DESCRIPTION OF THE TASK
Your response should be an exact transcription of the data, images excluded.

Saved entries
——
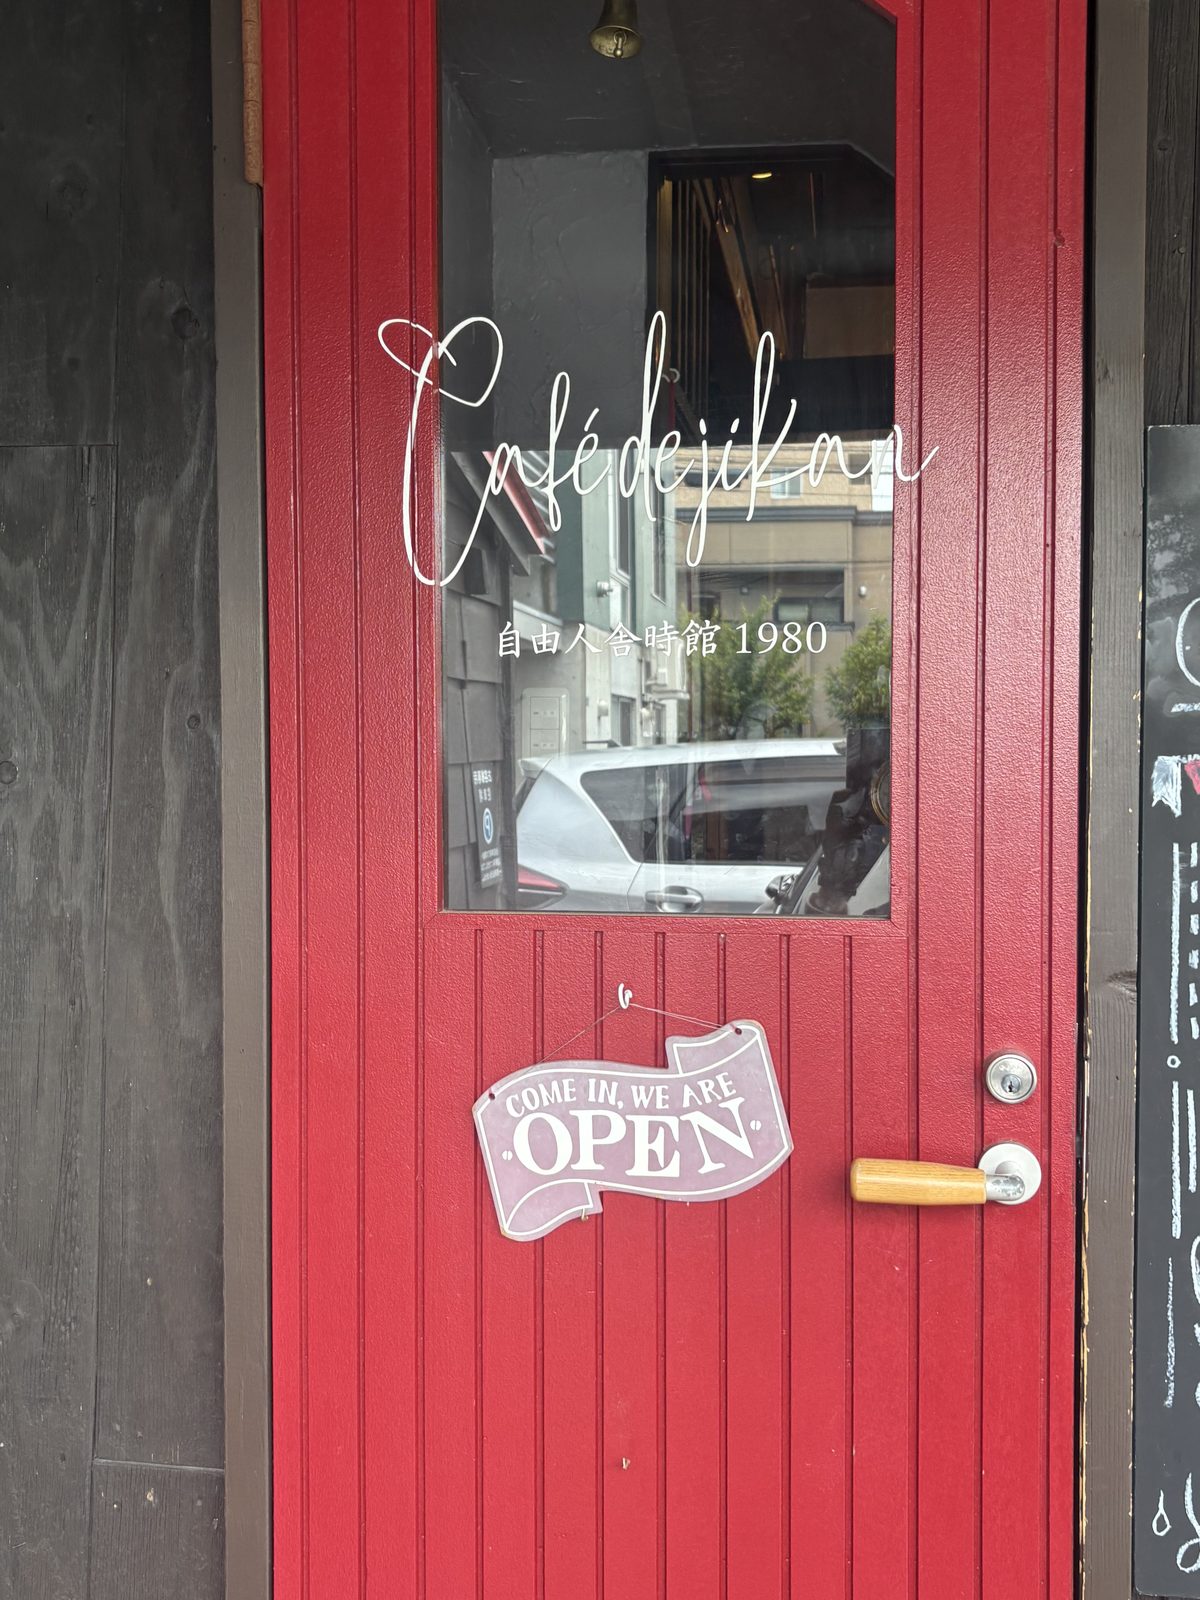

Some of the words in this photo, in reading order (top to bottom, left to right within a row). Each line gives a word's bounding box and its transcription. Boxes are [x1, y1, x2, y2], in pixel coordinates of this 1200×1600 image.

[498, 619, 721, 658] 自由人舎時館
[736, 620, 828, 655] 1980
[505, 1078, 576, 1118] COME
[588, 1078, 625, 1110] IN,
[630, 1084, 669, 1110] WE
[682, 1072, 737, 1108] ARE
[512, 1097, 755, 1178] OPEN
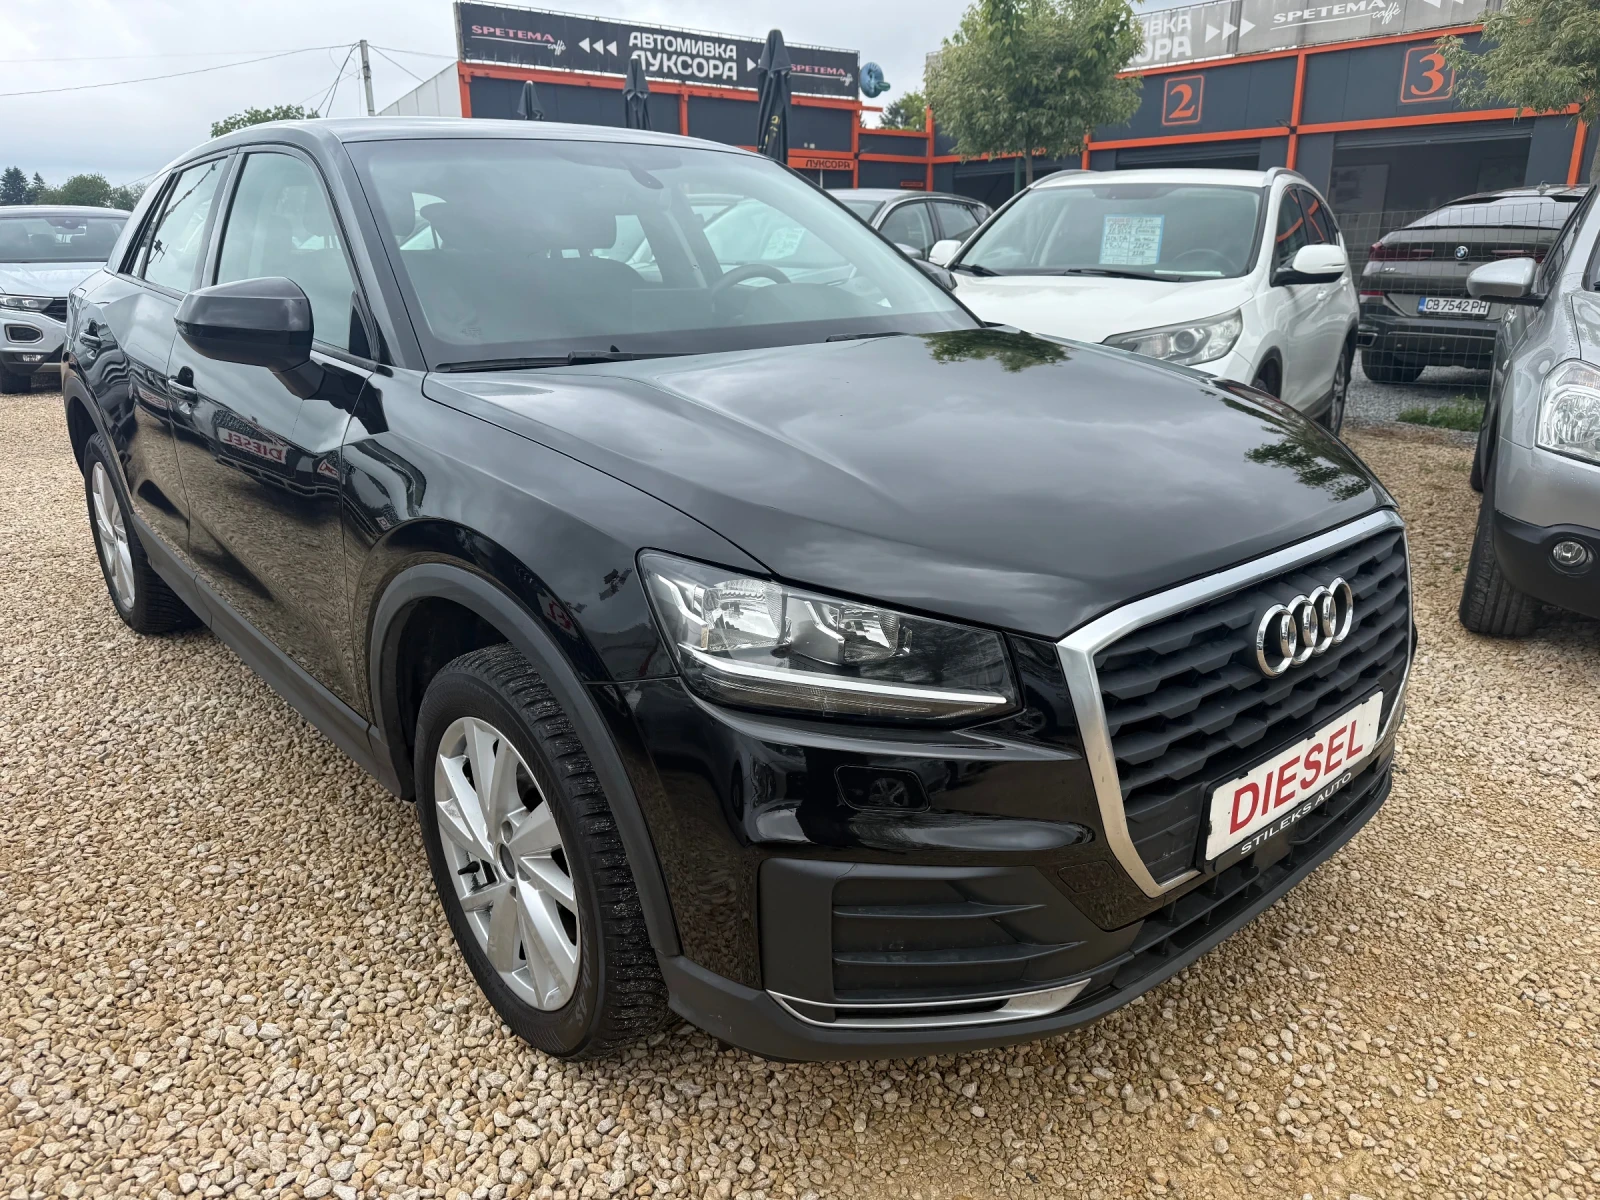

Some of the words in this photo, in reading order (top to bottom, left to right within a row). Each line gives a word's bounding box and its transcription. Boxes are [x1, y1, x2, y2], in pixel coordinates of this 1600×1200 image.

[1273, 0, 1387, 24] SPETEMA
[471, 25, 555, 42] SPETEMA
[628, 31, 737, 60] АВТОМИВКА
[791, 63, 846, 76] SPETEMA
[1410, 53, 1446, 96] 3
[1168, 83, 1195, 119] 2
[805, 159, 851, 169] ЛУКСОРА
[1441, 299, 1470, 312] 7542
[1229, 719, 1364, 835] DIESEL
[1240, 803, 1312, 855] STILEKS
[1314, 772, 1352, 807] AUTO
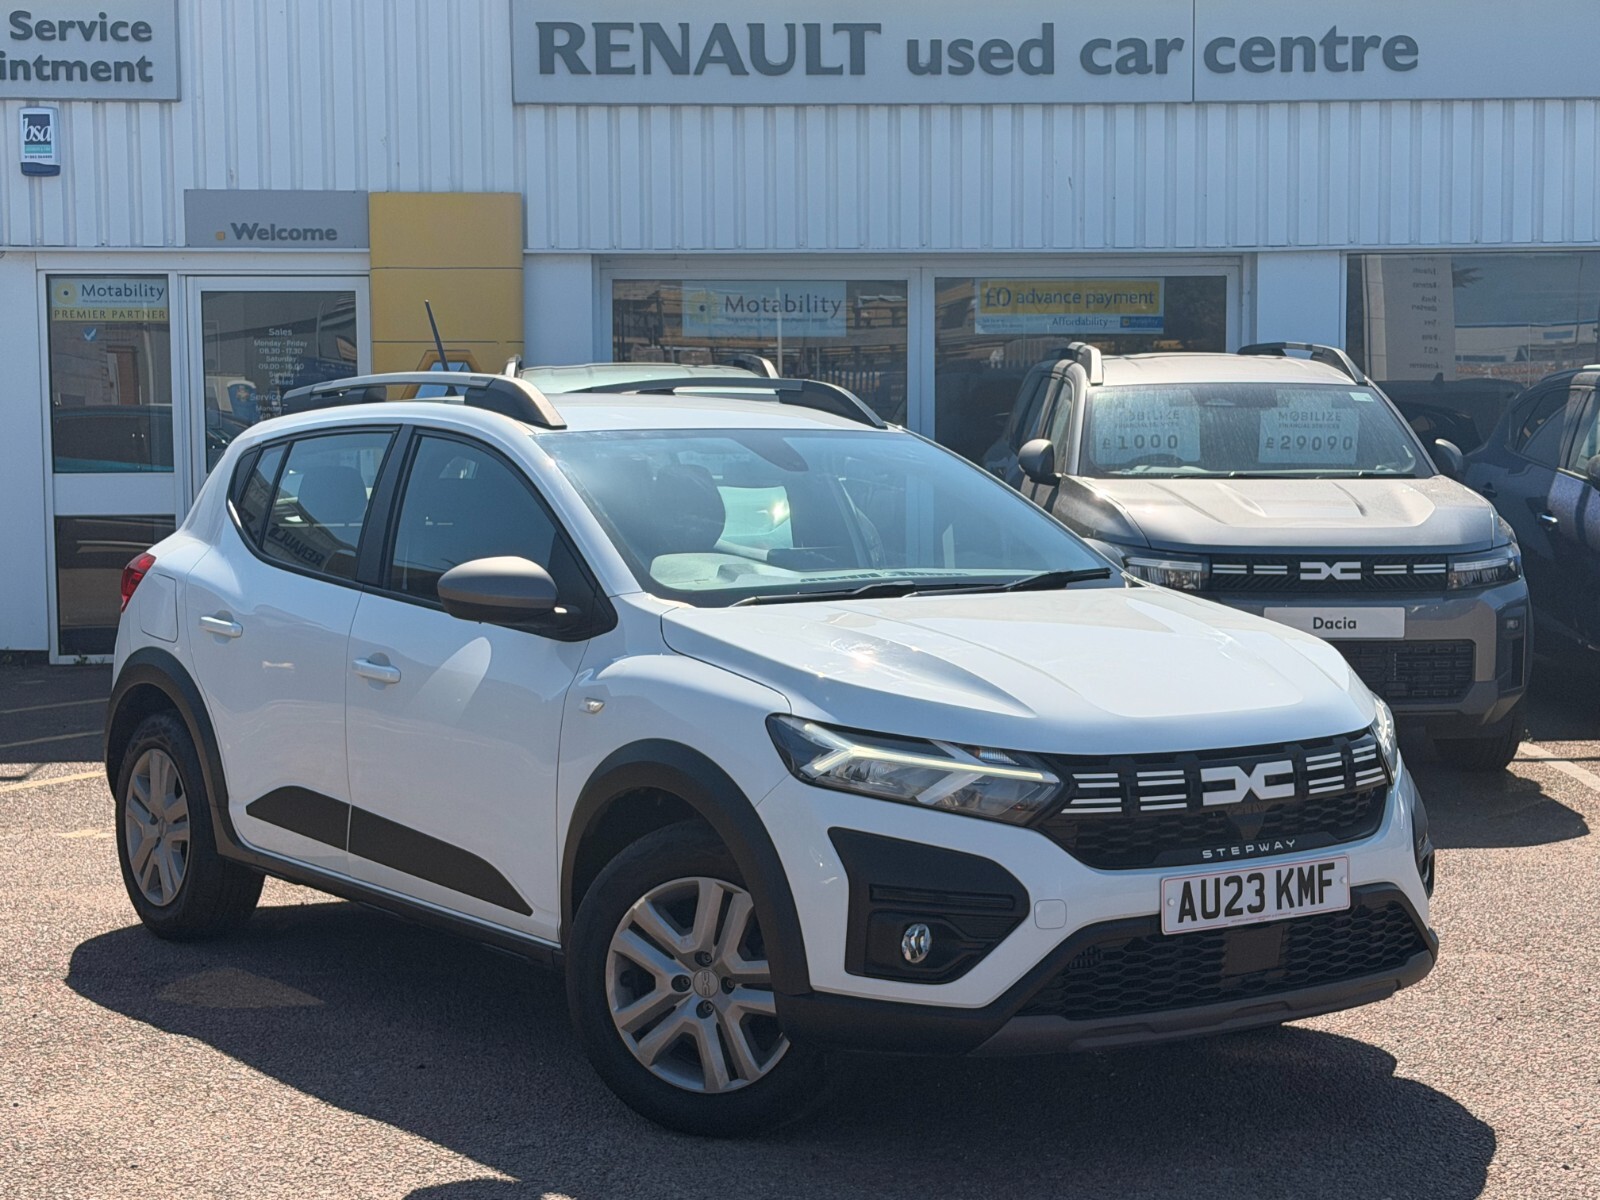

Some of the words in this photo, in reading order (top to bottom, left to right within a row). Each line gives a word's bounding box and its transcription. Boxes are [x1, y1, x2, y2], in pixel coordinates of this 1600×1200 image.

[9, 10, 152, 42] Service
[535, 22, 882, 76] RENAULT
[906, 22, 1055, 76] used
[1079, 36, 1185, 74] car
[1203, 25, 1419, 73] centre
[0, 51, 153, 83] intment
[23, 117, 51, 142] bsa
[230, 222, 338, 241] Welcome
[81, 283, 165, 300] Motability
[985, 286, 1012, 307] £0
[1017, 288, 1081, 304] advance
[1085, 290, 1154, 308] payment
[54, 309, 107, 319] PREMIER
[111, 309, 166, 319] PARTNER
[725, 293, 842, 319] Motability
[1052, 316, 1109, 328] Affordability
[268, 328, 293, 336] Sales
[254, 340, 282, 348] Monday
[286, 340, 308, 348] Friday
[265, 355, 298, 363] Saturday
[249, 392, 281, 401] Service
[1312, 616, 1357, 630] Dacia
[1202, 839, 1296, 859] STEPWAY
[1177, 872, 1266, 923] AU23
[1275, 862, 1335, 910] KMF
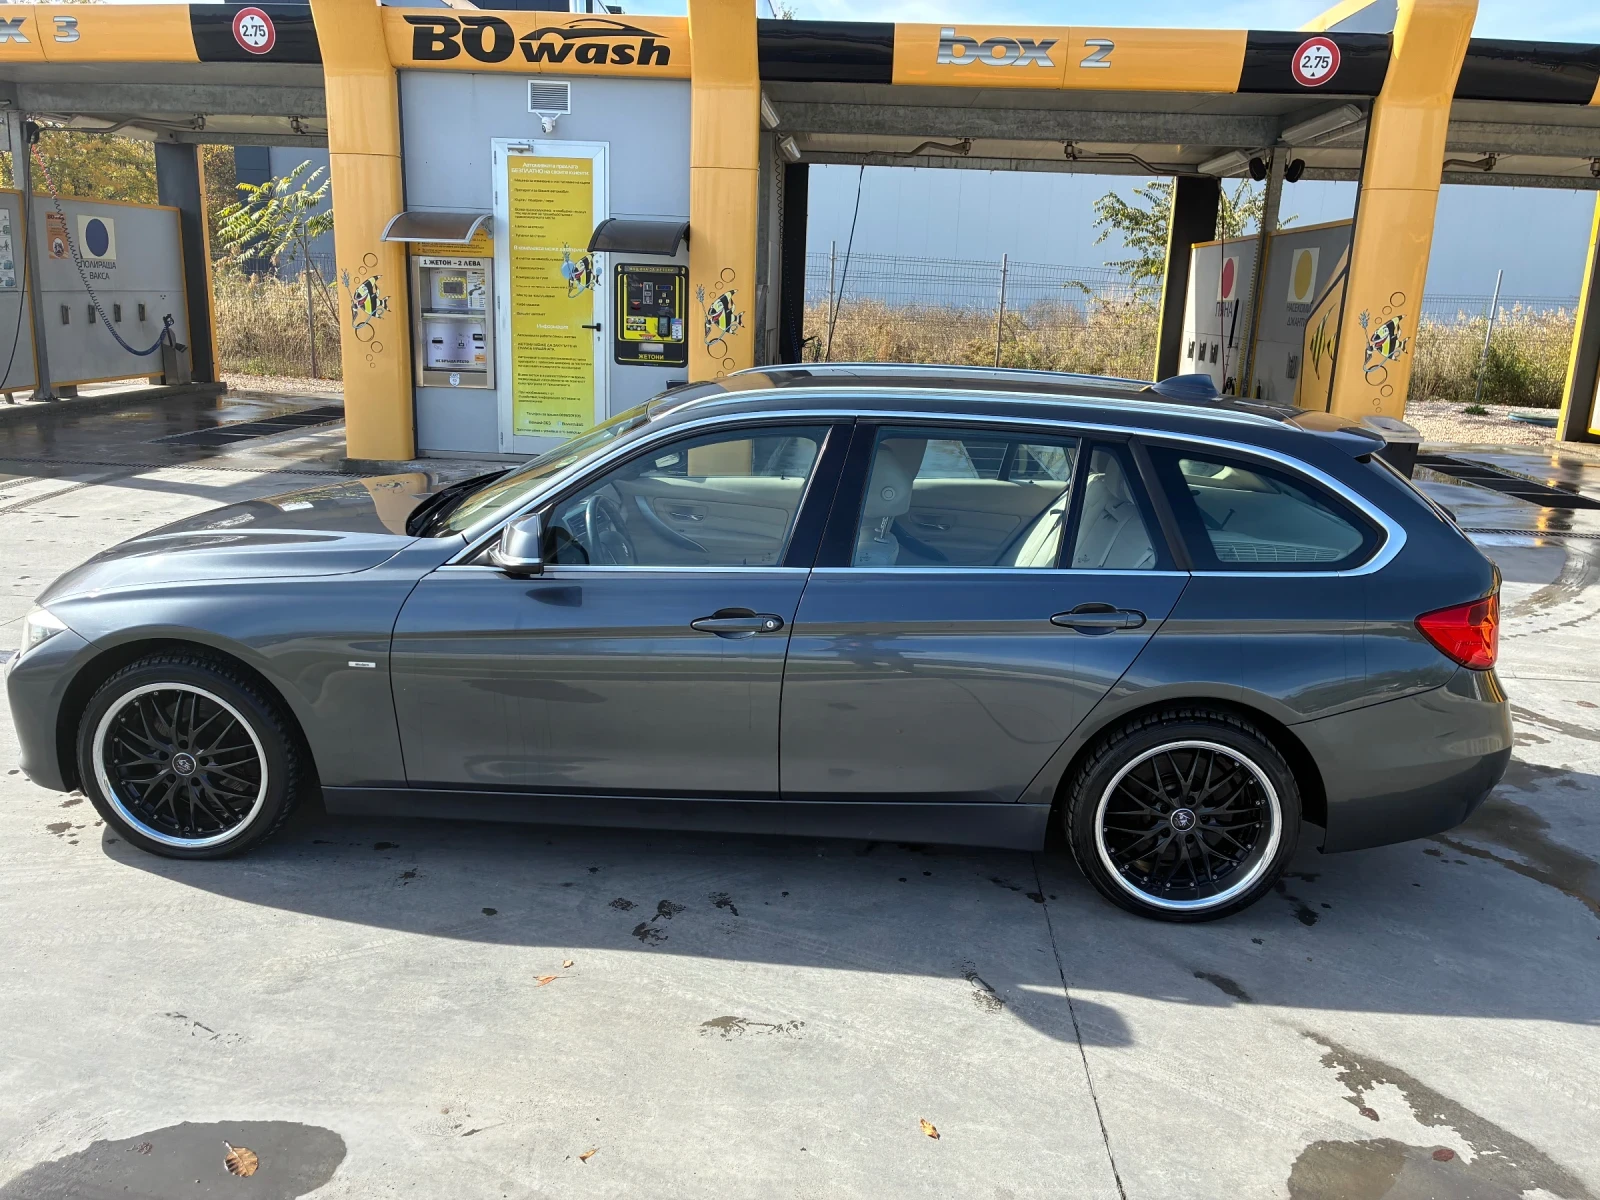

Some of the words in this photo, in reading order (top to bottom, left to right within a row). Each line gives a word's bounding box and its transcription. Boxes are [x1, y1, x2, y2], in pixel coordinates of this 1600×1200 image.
——
REPLY TO THE TASK
Some of the words in this photo, in reading order (top to bottom, left to right within a row). Each line gives a word's bounding box and its transcription. Boxes are [x1, y1, x2, y2], in pixel coordinates of this 1200×1600 image.

[498, 619, 721, 658] 自由人舎時館
[736, 620, 828, 655] 1980
[505, 1078, 576, 1118] COME
[588, 1078, 625, 1110] IN,
[630, 1084, 669, 1110] WE
[682, 1072, 737, 1108] ARE
[512, 1097, 755, 1178] OPEN

Some of the words in this photo, in reading order (top to bottom, left to right within a row). Each line gives a word's bounding box and its transcription. Boxes are [x1, y1, x2, y2], in pixel coordinates of this 1600×1200 image.

[1273, 0, 1387, 24] SPETEMA
[471, 25, 555, 42] SPETEMA
[628, 31, 737, 60] АВТОМИВКА
[791, 63, 846, 76] SPETEMA
[1410, 53, 1446, 96] 3
[1168, 83, 1195, 119] 2
[805, 159, 851, 169] ЛУКСОРА
[1441, 299, 1470, 312] 7542
[1229, 719, 1364, 835] DIESEL
[1240, 803, 1312, 855] STILEKS
[1314, 772, 1352, 807] AUTO

Some of the words in this photo, in reading order (top to bottom, left to right within a row). Each line gives a word's bounding box and its transcription. Boxes are [x1, y1, x2, y2], in pixel coordinates of this 1600×1200 image.

[9, 10, 152, 42] Service
[535, 22, 882, 76] RENAULT
[906, 22, 1055, 76] used
[1079, 36, 1185, 74] car
[1203, 25, 1419, 73] centre
[0, 51, 153, 83] intment
[23, 117, 51, 142] bsa
[230, 222, 338, 241] Welcome
[81, 283, 165, 300] Motability
[985, 286, 1012, 307] £0
[1017, 288, 1081, 304] advance
[1085, 290, 1154, 308] payment
[54, 309, 107, 319] PREMIER
[111, 309, 166, 319] PARTNER
[725, 293, 842, 319] Motability
[1052, 316, 1109, 328] Affordability
[268, 328, 293, 336] Sales
[254, 340, 282, 348] Monday
[286, 340, 308, 348] Friday
[265, 355, 298, 363] Saturday
[249, 392, 281, 401] Service
[1312, 616, 1357, 630] Dacia
[1202, 839, 1296, 859] STEPWAY
[1177, 872, 1266, 923] AU23
[1275, 862, 1335, 910] KMF

Some of the words in this photo, in reading order (top to bottom, left to right within a row). Each line gives a word's bounding box and its transcription. Boxes are [x1, y1, x2, y2], in pixel coordinates of this 1600×1200 image.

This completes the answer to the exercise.